I get an alternating taste of two worlds in Roatan, Honduras. The first is the glinting, too bright taste of tourism. I’ve just stepped off a cruise ship, so technically I am a tourist. The pier storefronts are freshly painted and cheerful. The kiosks with their vendors advertise fresh drinks, fresh food, the perfect gifts. My plan is to get beyond the shops and the lines of tour guides who walk next to me, thrusting maps under my nose, pointing out the features of the island, trying to convince me to take their tour, to get in their taxis, to pay them. It’s a hard job to do. It’s a hard job to be subjected to when all I really want to do is walk around the town. 

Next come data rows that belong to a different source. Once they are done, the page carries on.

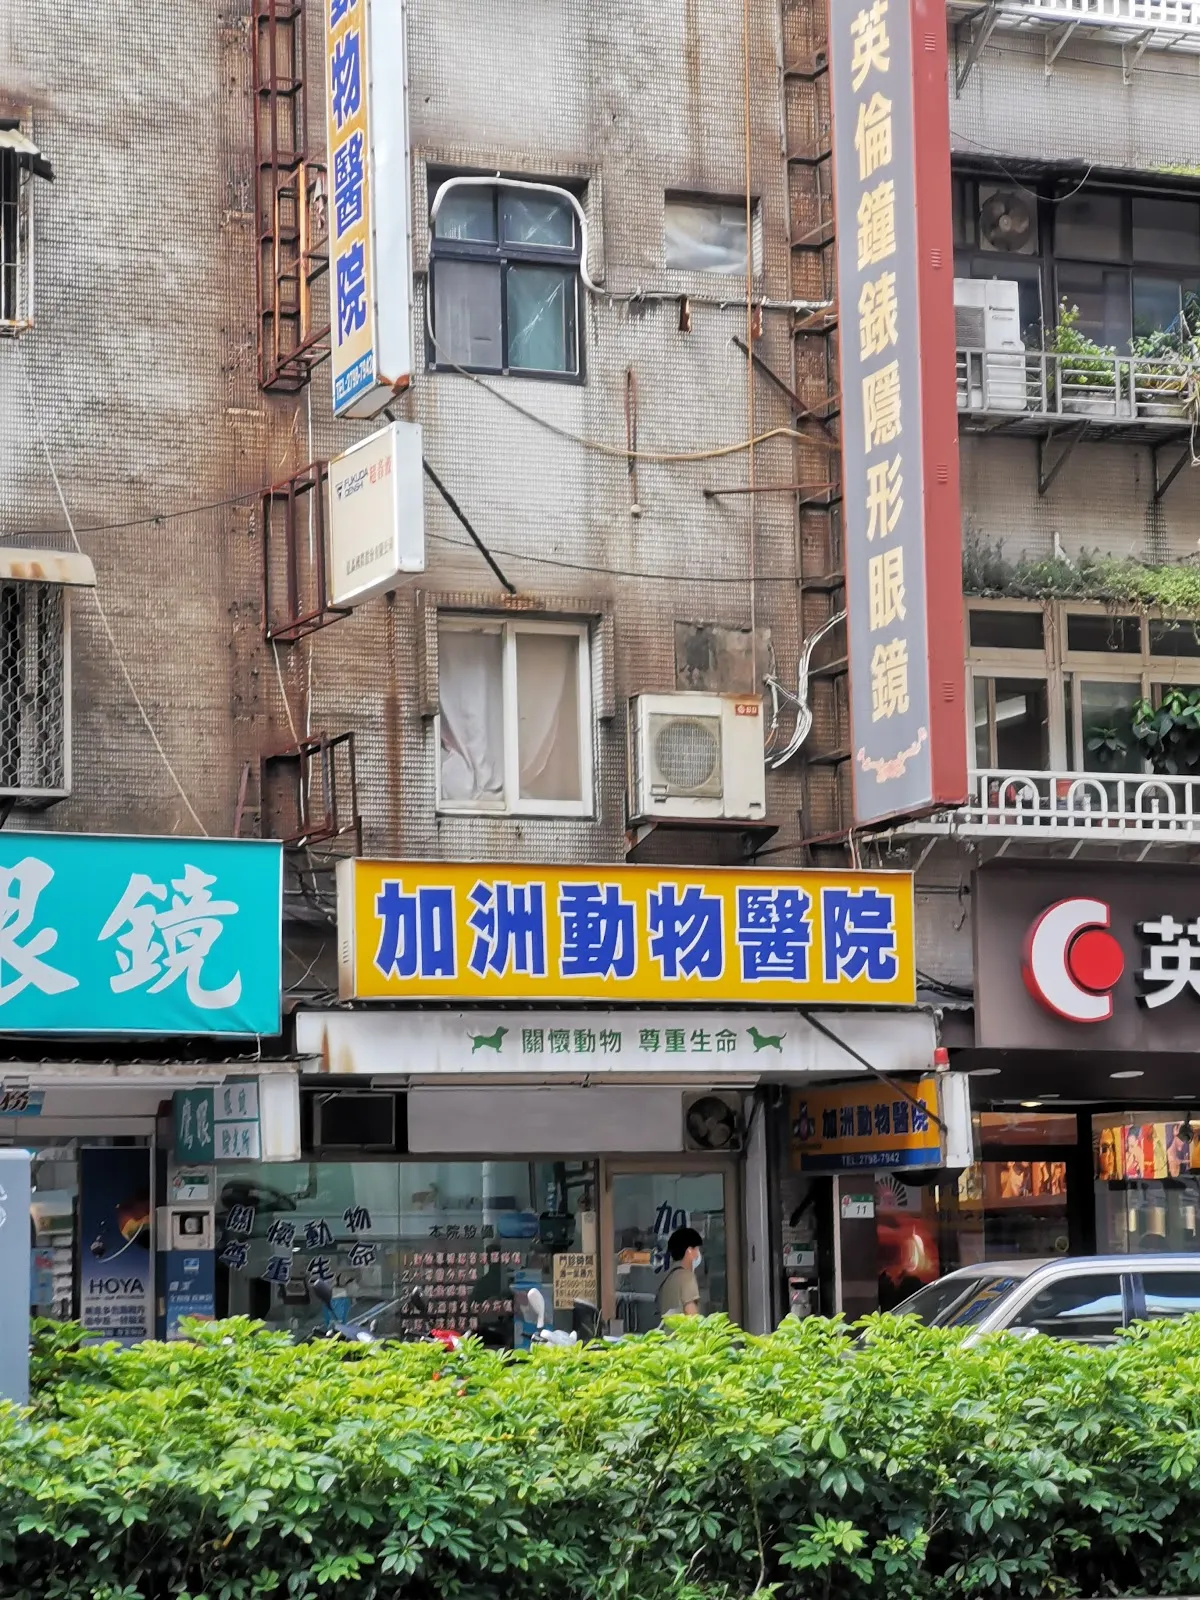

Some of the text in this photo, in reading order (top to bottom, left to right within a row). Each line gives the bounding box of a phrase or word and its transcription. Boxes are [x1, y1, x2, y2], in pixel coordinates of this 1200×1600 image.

[849, 0, 912, 724] 英倫鐘錶隱形眼鏡
[374, 879, 901, 985] 加洲動物醫院
[521, 1028, 738, 1054] 關懷動物 尊重生命
[822, 1099, 928, 1140] 加洲動物醫院
[856, 1205, 867, 1215] 11
[89, 1278, 145, 1294] HOYA

I’m four days into a week-long writers’ retreat on The Liberty of the Seas, and this is my first time to Honduras. 

Intent on avoiding the most touristy of experiences, I nearly make it to the end of the tour guide line without collecting a guide. I’m free and clear. Or so I think. But no, not so fast. As I walk on, one guide comes alongside me. “I do walking tours,” he says. I figure he’ll give me an opportunity to accept or deny the service, that at some point there will be a negotiation or transaction. He does not. I don’t press him. I don’t tell him to go away. Suddenly, I don’t mind the company even if I have to pay for it. As we walk, he shows me his tourism card, a way to ensure me that I’m in safe hands, and introduces himself as Victor. We make our way down the sidewalk and he tells me facts about the island and what we’re seeing, “There is a bank. That is a restaurant,” and I find out that he is twenty-three, and has never left the thirty-seven-mile long island of Roatan. Victor speaks English, Spanish, and Creole, he has a seven-year-old daughter, lives on the top of a hill with a spectacular view of the town and the sea (he points out the hill, but I don’t get to climb it to see where he lives or the view that he has from there). It’s from him that I get the briefest taste of what it is to be a local on an island just like this one.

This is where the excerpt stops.